How does OpenAI API billing work?

It is prepaid and metered per token. You buy credits first, then each request deducts input tokens times the input rate plus output tokens times the output rate for the model used. There is no subscription; when credits run out, requests fail until you top up or auto-recharge triggers.

Is the OpenAI API free to use?

No. There is no ongoing free tier for API usage; every token is billed against prepaid credits. Occasional promotional credits for new accounts exist but expire. If you need a free option for testing, some third-party gateways and local models fill that gap.

How much does the OpenAI API cost per 1,000 tokens?

At current gpt-5.5 catalog rates, 1,000 input tokens cost $0.004 and 1,000 output tokens cost $0.024. A typical chat turn of 1,500 input and 300 output tokens comes to about 1.3 cents.

Why is my OpenAI API bill so high?

Usually one of three things: chat history being resent in full every turn so input grows with session length, uncapped output on a model whose output rate is 6x its input rate, or hidden reasoning tokens billed as completion tokens. Log the usage object per request to find which one it is.

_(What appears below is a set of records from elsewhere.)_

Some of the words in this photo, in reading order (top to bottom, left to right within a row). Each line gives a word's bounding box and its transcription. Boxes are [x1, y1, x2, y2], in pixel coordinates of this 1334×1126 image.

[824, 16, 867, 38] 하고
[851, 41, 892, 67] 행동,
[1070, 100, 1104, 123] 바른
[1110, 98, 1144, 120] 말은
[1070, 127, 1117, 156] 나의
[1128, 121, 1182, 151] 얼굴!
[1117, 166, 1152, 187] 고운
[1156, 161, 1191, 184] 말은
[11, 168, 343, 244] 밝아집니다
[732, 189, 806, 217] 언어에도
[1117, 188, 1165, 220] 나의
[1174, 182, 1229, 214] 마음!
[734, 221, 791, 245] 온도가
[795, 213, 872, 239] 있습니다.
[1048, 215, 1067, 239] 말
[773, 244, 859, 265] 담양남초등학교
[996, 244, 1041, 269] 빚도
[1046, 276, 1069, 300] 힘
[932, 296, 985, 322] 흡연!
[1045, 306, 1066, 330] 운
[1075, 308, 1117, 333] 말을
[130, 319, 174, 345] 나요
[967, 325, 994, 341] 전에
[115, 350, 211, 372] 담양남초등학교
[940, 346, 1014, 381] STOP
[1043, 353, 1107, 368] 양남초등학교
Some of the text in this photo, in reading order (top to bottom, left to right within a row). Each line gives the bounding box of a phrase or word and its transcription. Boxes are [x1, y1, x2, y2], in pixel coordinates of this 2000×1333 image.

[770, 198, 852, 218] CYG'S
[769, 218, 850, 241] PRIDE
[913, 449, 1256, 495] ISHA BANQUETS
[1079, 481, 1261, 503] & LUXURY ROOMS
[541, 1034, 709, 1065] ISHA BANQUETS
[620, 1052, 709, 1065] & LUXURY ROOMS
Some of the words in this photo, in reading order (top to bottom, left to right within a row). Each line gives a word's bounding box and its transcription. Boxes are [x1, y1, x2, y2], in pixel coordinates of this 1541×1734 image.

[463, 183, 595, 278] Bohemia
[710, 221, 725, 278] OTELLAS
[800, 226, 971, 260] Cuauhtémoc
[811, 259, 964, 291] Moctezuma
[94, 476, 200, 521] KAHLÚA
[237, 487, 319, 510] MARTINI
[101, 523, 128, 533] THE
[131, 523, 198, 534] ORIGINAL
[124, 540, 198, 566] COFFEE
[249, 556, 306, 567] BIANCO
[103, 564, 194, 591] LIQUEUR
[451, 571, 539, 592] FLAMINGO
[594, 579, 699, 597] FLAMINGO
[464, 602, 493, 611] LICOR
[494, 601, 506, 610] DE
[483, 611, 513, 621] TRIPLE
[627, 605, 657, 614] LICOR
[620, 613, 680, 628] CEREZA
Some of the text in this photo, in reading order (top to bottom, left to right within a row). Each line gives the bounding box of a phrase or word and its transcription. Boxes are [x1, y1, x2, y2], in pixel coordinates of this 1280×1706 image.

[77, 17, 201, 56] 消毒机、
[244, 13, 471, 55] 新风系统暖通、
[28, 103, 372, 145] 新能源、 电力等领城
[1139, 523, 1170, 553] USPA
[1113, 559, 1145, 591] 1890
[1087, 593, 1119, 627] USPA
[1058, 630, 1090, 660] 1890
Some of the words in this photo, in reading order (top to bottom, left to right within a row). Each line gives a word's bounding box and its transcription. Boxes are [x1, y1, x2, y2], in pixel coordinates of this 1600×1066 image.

Do OpenAI API credits expire?

Yes. Prepaid credits expire 12 months after purchase, whether or not you used them. Buy in increments matched to your actual monthly burn rather than loading a large balance up front.

Is the OpenAI API cheaper than ChatGPT Plus?

For light or bursty usage, yes: a few million tokens a month on a mid-tier model costs less than a subscription. For heavy daily chat with long contexts on a flagship model, the API can cost more. Run your expected token counts through the rate math before deciding.